Изменить размер шрифта - +

Толстяк презрительно хмыкнул:

— Политика, мистер Клоппенхаймер. Да что там...

Толстяк, сам смахивающий на Герберта Гувера, еще некоторое время воспевал в хрящеватые уши крошечного собеседника славу Трентону. Худощавый молодой человек в пенсне, сидящий за соседним столиком, с интересом внимал словоизвержениям толстяка, что не мешало ему с не меньшим рвением воздавать должное свиным хрящикам с тушеной кислой капустой. Не надо было быть семи пядей во лбу, чтобы сообразить, что толстый пытается что-то всучить тонкому. Только вот что? Град Трентон? Маловероятно... И тут до любознательных ушей молодого человека донеслось слово «хмель», произнесенное мистером Клоппенхаймером, а затем с почтительным придыханием другое — «ячмень», и туман рассеялся. Мистер Клоппенхаймер явно шел по пивному делу, а словоохотливый толстяк, очевидно, подвизался в качестве представителя местной торговой палаты.

— Лучшего места для пивоваренного заводишка придумать трудно, — с лучезарной улыбкой изрек толстяк. — Итак, к делу, мистер Клоппенхаймер...

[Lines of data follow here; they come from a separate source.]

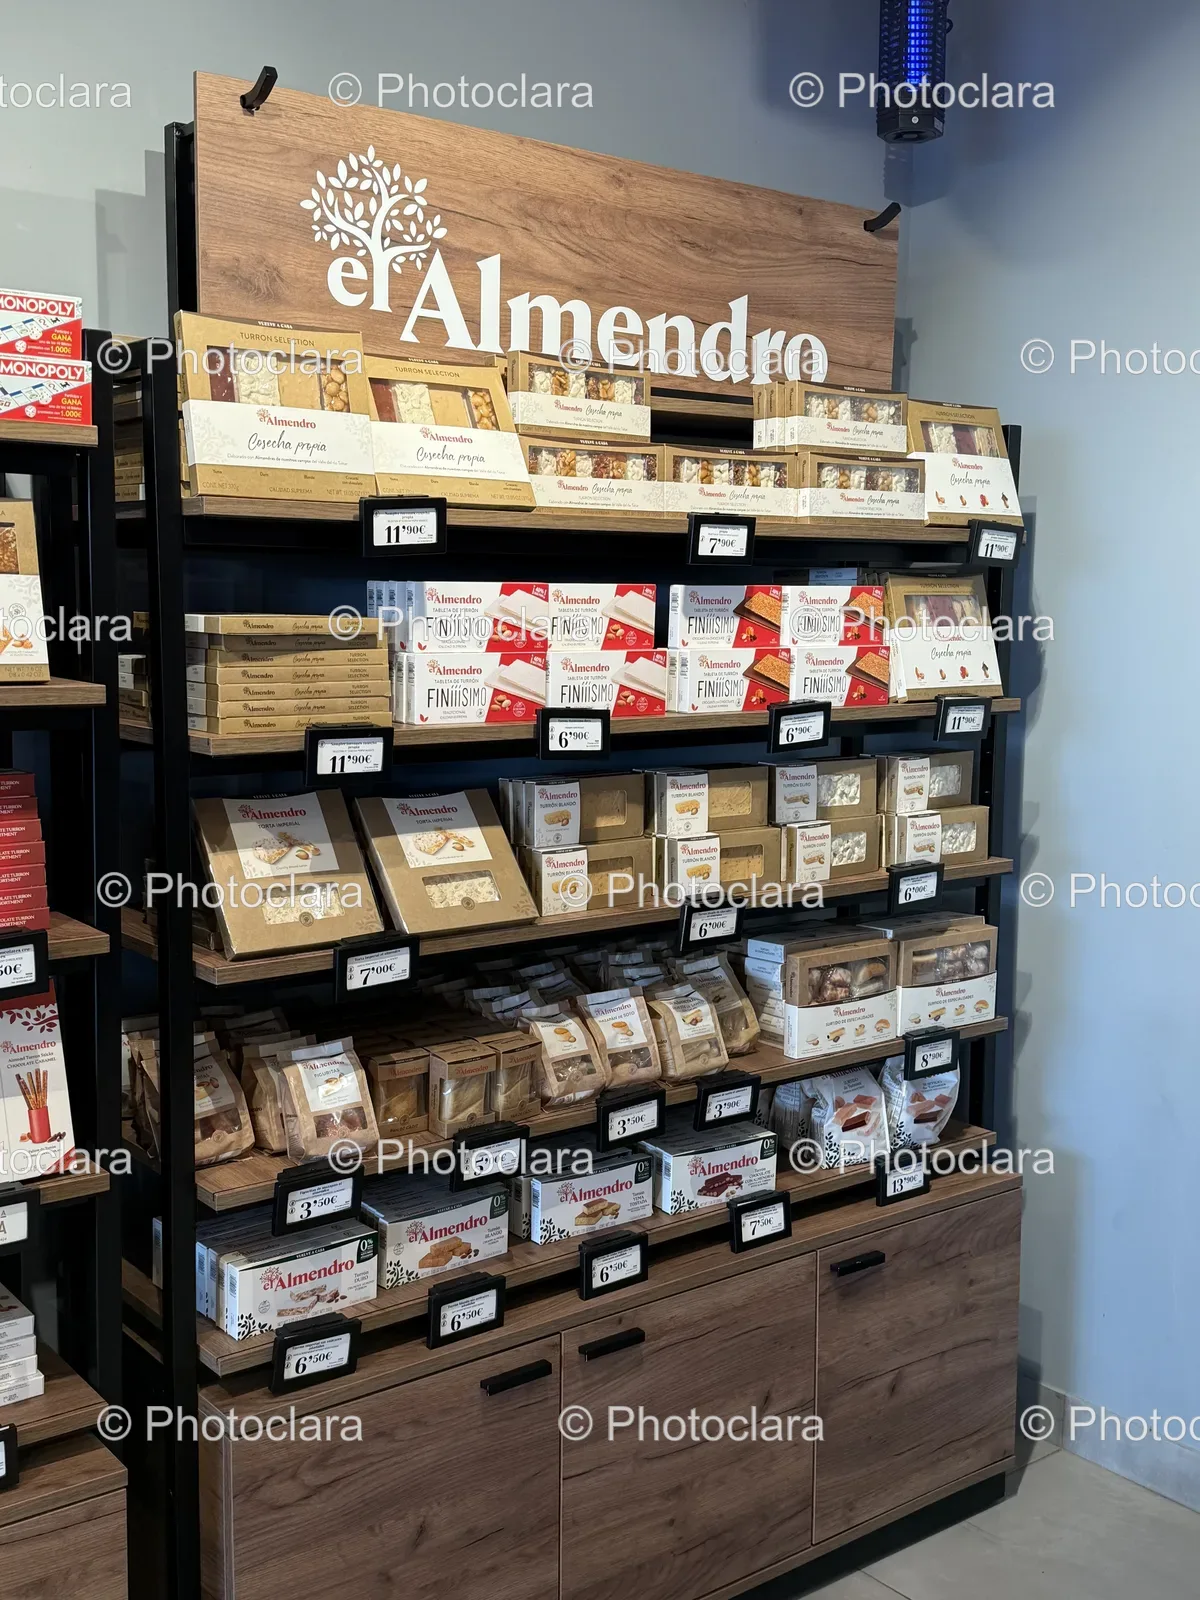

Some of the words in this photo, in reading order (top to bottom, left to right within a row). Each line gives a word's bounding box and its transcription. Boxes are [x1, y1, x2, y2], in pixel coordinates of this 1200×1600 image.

[400, 248, 829, 386] Almendro
[51, 333, 72, 342] GANA
[240, 331, 273, 343] TURRON
[273, 335, 315, 347] SELECTION
[0, 360, 83, 382] MONOPOLY
[395, 366, 424, 375] TURRON
[424, 368, 460, 378] SELECTION
[61, 398, 82, 406] GANA
[266, 414, 317, 430] Almendro
[248, 429, 293, 451] Cosecha
[294, 440, 328, 457] propia
[429, 432, 473, 444] Almendro
[416, 444, 455, 462] Cosecha
[457, 453, 486, 467] propia
[950, 471, 973, 486] Cosecha
[562, 483, 589, 492] Almendro
[434, 594, 482, 604] Almendro
[559, 596, 601, 605] Almendro
[695, 596, 732, 605] Almendro
[803, 596, 838, 605] Almendro
[930, 644, 954, 660] Cosecha
[704, 660, 741, 669] Almendro
[810, 657, 845, 666] Almendro
[435, 665, 482, 676] Almendro
[568, 663, 610, 673] Almendro
[905, 765, 929, 774] Almendro
[784, 772, 815, 781] Almendro
[675, 782, 707, 791] Almendro
[544, 791, 578, 801] Almendro
[250, 807, 307, 821] Almendro
[408, 805, 458, 817] Almendro
[914, 821, 940, 831] Almendro
[804, 833, 830, 841] Almendro
[686, 846, 718, 855] Almendro
[551, 859, 585, 869] Almendro
[939, 987, 966, 998] Almendro
[600, 1003, 632, 1017] Almendro
[839, 1006, 866, 1017] Almendro
[9, 1039, 57, 1055] Almendro
[8, 1054, 25, 1063] Almond
[6, 1060, 34, 1069] CHOCOLATE
[460, 1065, 489, 1075] Almendro
[698, 1154, 759, 1178] Almendro
[568, 1179, 633, 1205] Almendro
[418, 1214, 488, 1245] Almendro
[274, 1258, 355, 1292] Almendro
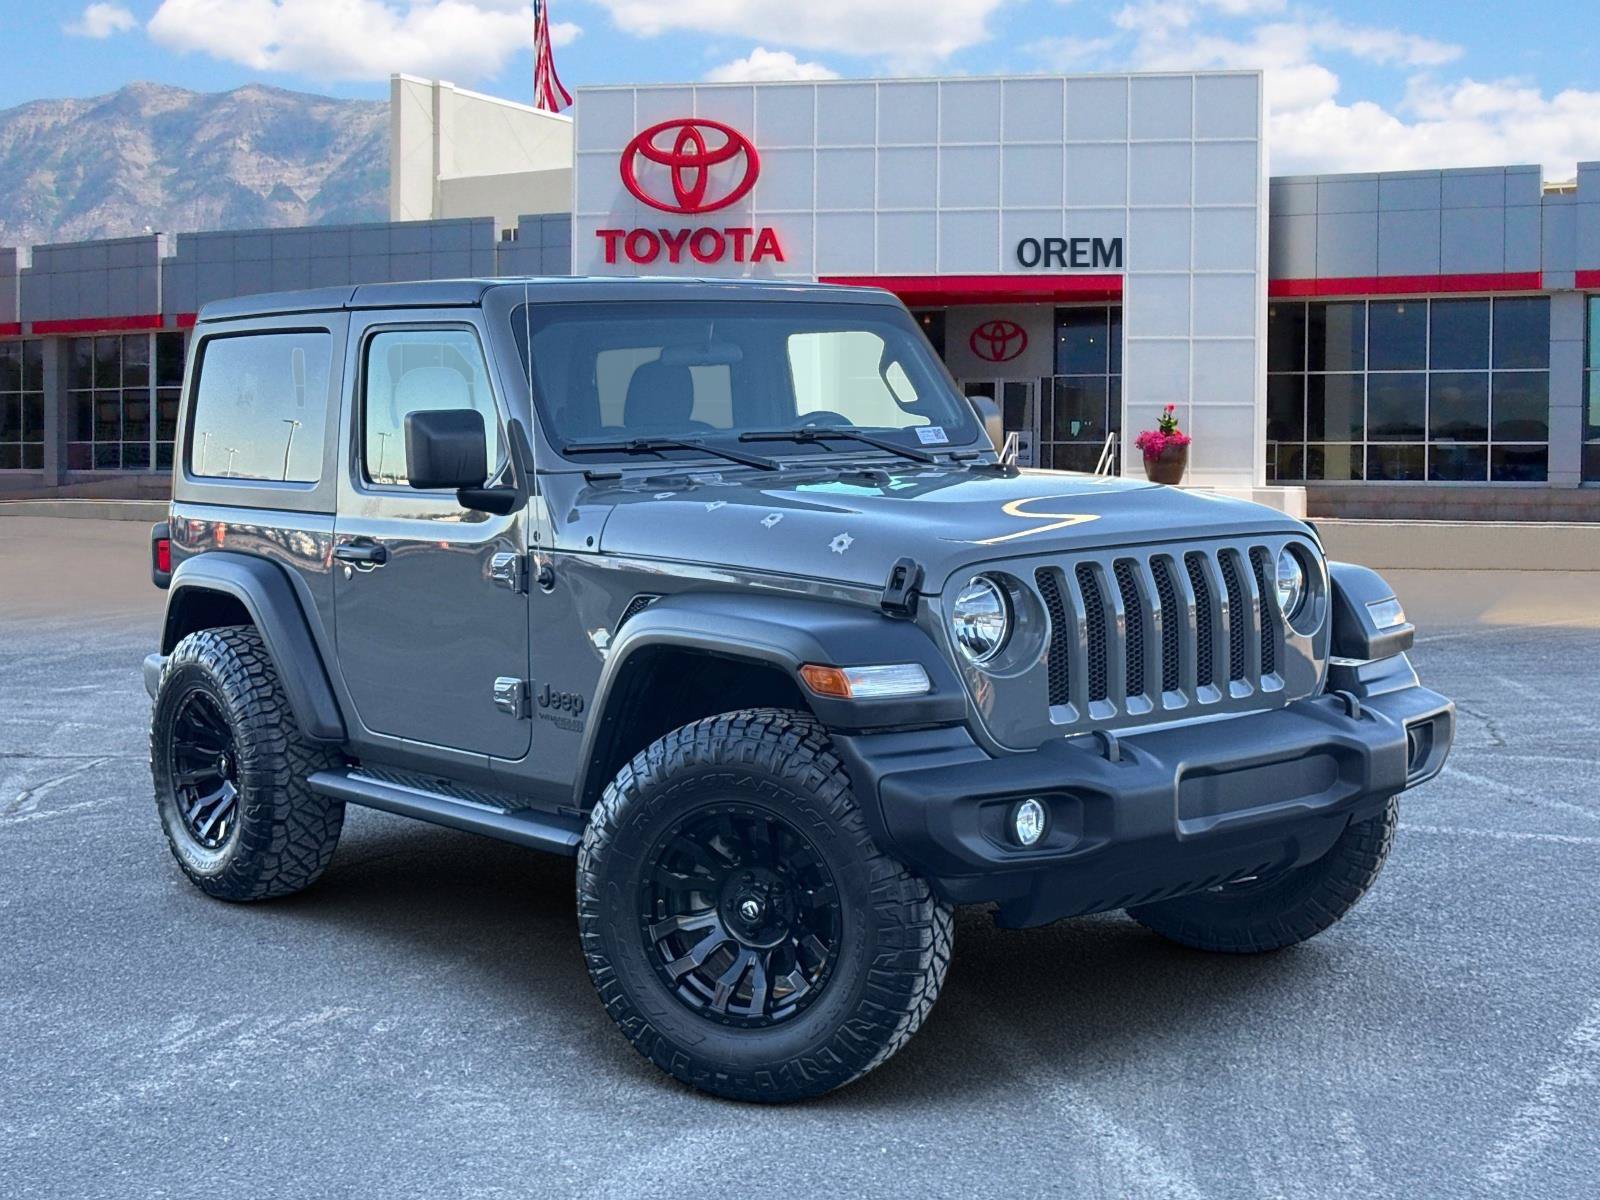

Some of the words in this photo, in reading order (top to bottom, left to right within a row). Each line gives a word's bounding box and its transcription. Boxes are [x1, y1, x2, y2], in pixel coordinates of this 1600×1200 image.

[596, 227, 784, 264] TOYOTA
[1017, 237, 1123, 268] OREM
[537, 683, 584, 718] Jeep
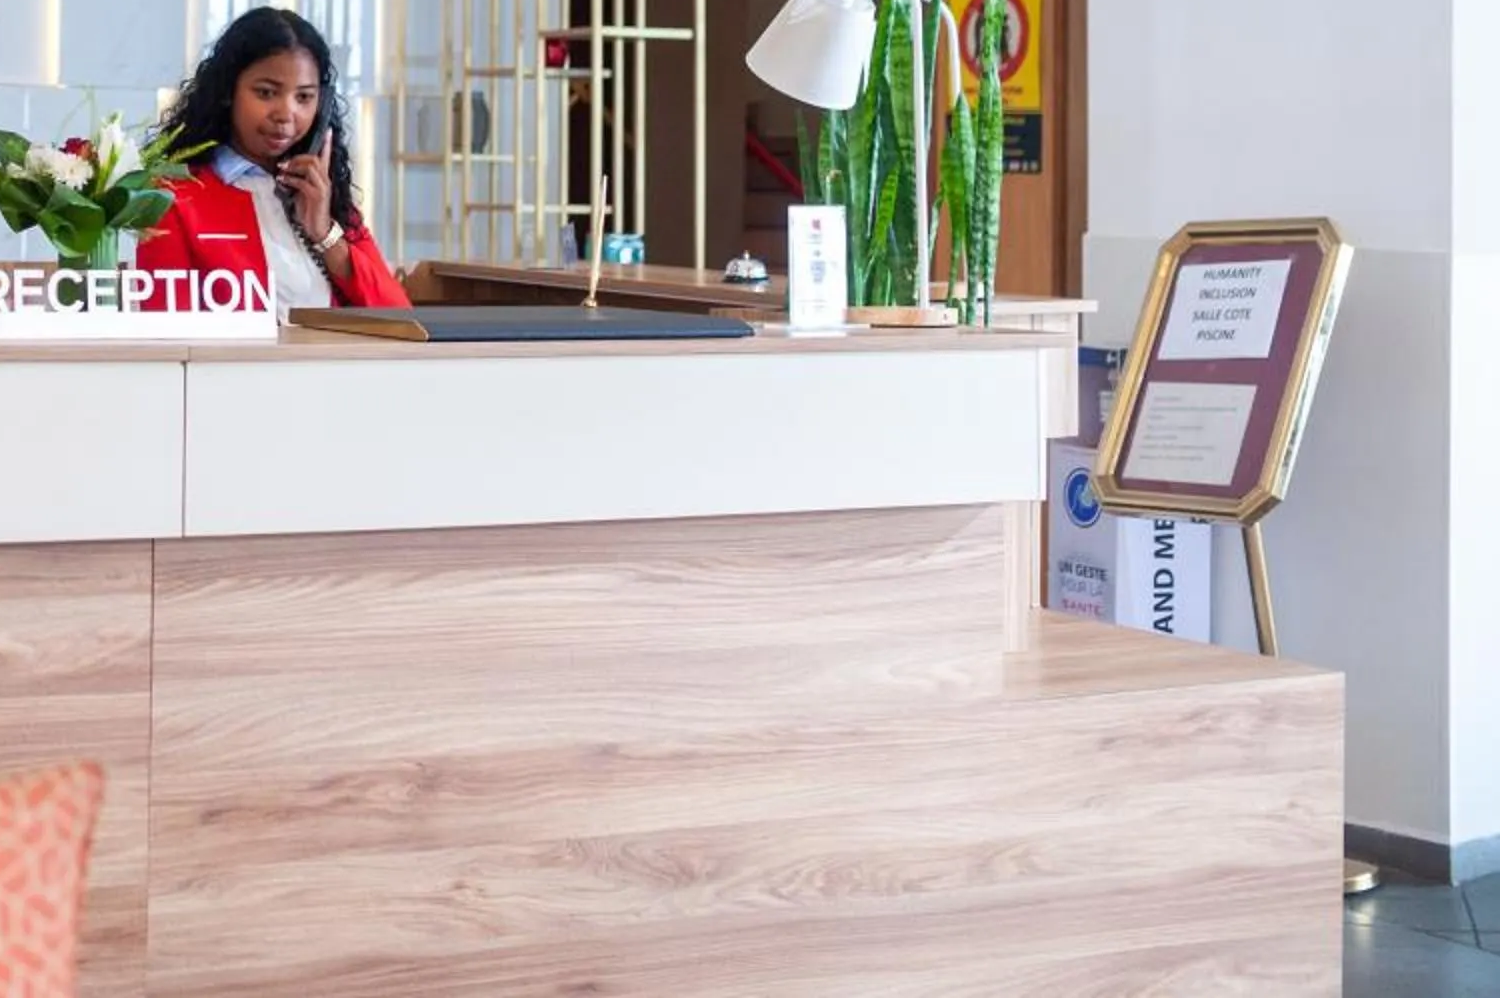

Тайное стало явным, и худощавый молодой человек перестал прислушиваться. Все внимание он теперь отдал хрящикам и пиву, на поглощение которых при его аппетите не потребовалось очень много времени. А толстяк продолжал распространяться еще добрых полчаса, заняв его на это время, потому что, несмотря на то что пивной бар в отеле «Стейси-Трент» со столиками, покрытыми кричащими скатертями с белыми и красными лошадками, и мелодичным звоном посуды за деревянной перегородкой был полон народу, он чувствовал себя в этом месте чужаком. Укрывшийся под сенью златоглавого Капитолия на Вест-Стейт-стрит отель «Стейси-Трент» был забит мужчинами, говорящими на неведомом языке; отовсюду звучала замысловатая законническая речь, которая для худощавого молодого человека была темным лесом. Он вздохнул и, подозвав кельнера, заказал внушительный кусок яблочного пирога и кофе, затем бросил взгляд на наручные часы. Восемь сорок две. Неплохо. И тут вдруг раздался возглас:

— О! Кого я вижу! Эллери Квин, старина!

Он с удивлением поднял голову и увидел такого же, как он сам, высокого худощавого молодого человека, идущего к нему с распростертыми объятиями.

— Бог мой, Билл Энджел! — с нескрываемой радостью воскликнул Эллери. — Глазам своим не верю. Билл! Садись, садись. Откуда ты свалился? Кельнер, еще пива. Да как...

— Только не засыпай меня вопросами, — со смехом проговорил Энджел, опускаясь на стул. — Тебя хлебом не корми, дай повыспрашивать. Я заскочил сюда, чтобы встретиться с одним человеком, да вдруг вижу: что-то знакомое. Не сразу и признал, что это ты, ирландская рожа. Ну, рассказывай, как поживаешь?

— По-всякому. А я думал, ты живешь в Филадельфии.

— Да так оно и есть. Я здесь по частному делу. А ты все ищейкой?

— Лис меняет шкуру, — процитировал Эллери, — но не привычки. Или лучше произнести это на латыни? Помню, моя слабость к классической филологии доводила тебя до белого каления.

— Все тот же старина Эллери! А тебя-то как в Трентон занесло?

— Проездом. Я из Балтиморы. Был там по одному делу. Ах, Билл Энджел, Билл Энджел! Сколько лет, сколько зим...

— Да почитай, одиннадцать лет минуло. А лис и впрямь мало изменился. — Энджел внимательно посмотрел на Квина, и Эллери показалось, что веселые искорки темно-карих глаз скрывают какое-то беспокойство. — Ну а я как?

— Морщинки у глаз, — критически отметил Эллери. — Челюсти с хваткой мастифа, чего раньше не было, нос заострился. Волосы поредели на висках. Из кармана торчат карандаши — это выдает труженика; одежда, как всегда, помята, но хорошего покроя; на лице написана смесь самоуверенности с, как бы это сказать, трепетностью... Билл, ты повзрослел.